Work required
The data follows. Retype every entry exactly.

[[ Supplied material open ]]

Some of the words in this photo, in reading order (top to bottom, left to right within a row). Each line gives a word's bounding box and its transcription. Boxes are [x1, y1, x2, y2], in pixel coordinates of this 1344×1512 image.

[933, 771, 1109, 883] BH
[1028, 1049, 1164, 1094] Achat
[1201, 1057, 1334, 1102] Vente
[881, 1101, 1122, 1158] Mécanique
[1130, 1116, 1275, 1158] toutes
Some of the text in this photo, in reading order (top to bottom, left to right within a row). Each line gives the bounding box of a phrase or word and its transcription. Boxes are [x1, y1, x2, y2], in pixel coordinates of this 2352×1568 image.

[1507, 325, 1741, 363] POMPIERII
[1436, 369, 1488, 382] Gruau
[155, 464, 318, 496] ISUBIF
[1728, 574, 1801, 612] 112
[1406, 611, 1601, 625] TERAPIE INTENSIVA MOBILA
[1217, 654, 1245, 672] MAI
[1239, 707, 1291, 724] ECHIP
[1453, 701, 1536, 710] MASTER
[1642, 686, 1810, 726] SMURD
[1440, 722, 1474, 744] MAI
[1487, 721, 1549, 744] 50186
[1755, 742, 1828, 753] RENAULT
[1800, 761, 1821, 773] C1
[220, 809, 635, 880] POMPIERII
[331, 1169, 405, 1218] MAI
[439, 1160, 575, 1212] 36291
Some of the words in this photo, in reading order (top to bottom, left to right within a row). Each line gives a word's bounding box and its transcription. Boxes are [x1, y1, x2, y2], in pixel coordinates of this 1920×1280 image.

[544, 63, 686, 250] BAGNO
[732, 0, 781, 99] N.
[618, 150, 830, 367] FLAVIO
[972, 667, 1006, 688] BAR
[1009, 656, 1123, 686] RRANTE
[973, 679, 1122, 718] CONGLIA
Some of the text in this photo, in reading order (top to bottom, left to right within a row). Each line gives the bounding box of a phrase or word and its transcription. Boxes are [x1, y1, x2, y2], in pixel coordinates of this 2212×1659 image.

[[ Supplied material closed ]]

Answer space
Some of the words in this photo, in reading order (top to bottom, left to right within a row). Each line gives a word's bounding box and its transcription. Boxes are [x1, y1, x2, y2], in pixel coordinates of this 1344×1512 image.

[933, 771, 1109, 883] BH
[1028, 1049, 1164, 1094] Achat
[1201, 1057, 1334, 1102] Vente
[881, 1101, 1122, 1158] Mécanique
[1130, 1116, 1275, 1158] toutes
Some of the text in this photo, in reading order (top to bottom, left to right within a row). Each line gives the bounding box of a phrase or word and its transcription. Boxes are [x1, y1, x2, y2], in pixel coordinates of this 2352×1568 image.

[1507, 325, 1741, 363] POMPIERII
[1436, 369, 1488, 382] Gruau
[155, 464, 318, 496] ISUBIF
[1728, 574, 1801, 612] 112
[1406, 611, 1601, 625] TERAPIE INTENSIVA MOBILA
[1217, 654, 1245, 672] MAI
[1239, 707, 1291, 724] ECHIP
[1453, 701, 1536, 710] MASTER
[1642, 686, 1810, 726] SMURD
[1440, 722, 1474, 744] MAI
[1487, 721, 1549, 744] 50186
[1755, 742, 1828, 753] RENAULT
[1800, 761, 1821, 773] C1
[220, 809, 635, 880] POMPIERII
[331, 1169, 405, 1218] MAI
[439, 1160, 575, 1212] 36291
Some of the words in this photo, in reading order (top to bottom, left to right within a row). Each line gives a word's bounding box and its transcription. Boxes are [x1, y1, x2, y2], in pixel coordinates of this 1920×1280 image.

[544, 63, 686, 250] BAGNO
[732, 0, 781, 99] N.
[618, 150, 830, 367] FLAVIO
[972, 667, 1006, 688] BAR
[1009, 656, 1123, 686] RRANTE
[973, 679, 1122, 718] CONGLIA
Some of the text in this photo, in reading order (top to bottom, left to right within a row). Each line gives the bounding box of a phrase or word and its transcription. Boxes are [x1, y1, x2, y2], in pixel coordinates of this 2212×1659 image.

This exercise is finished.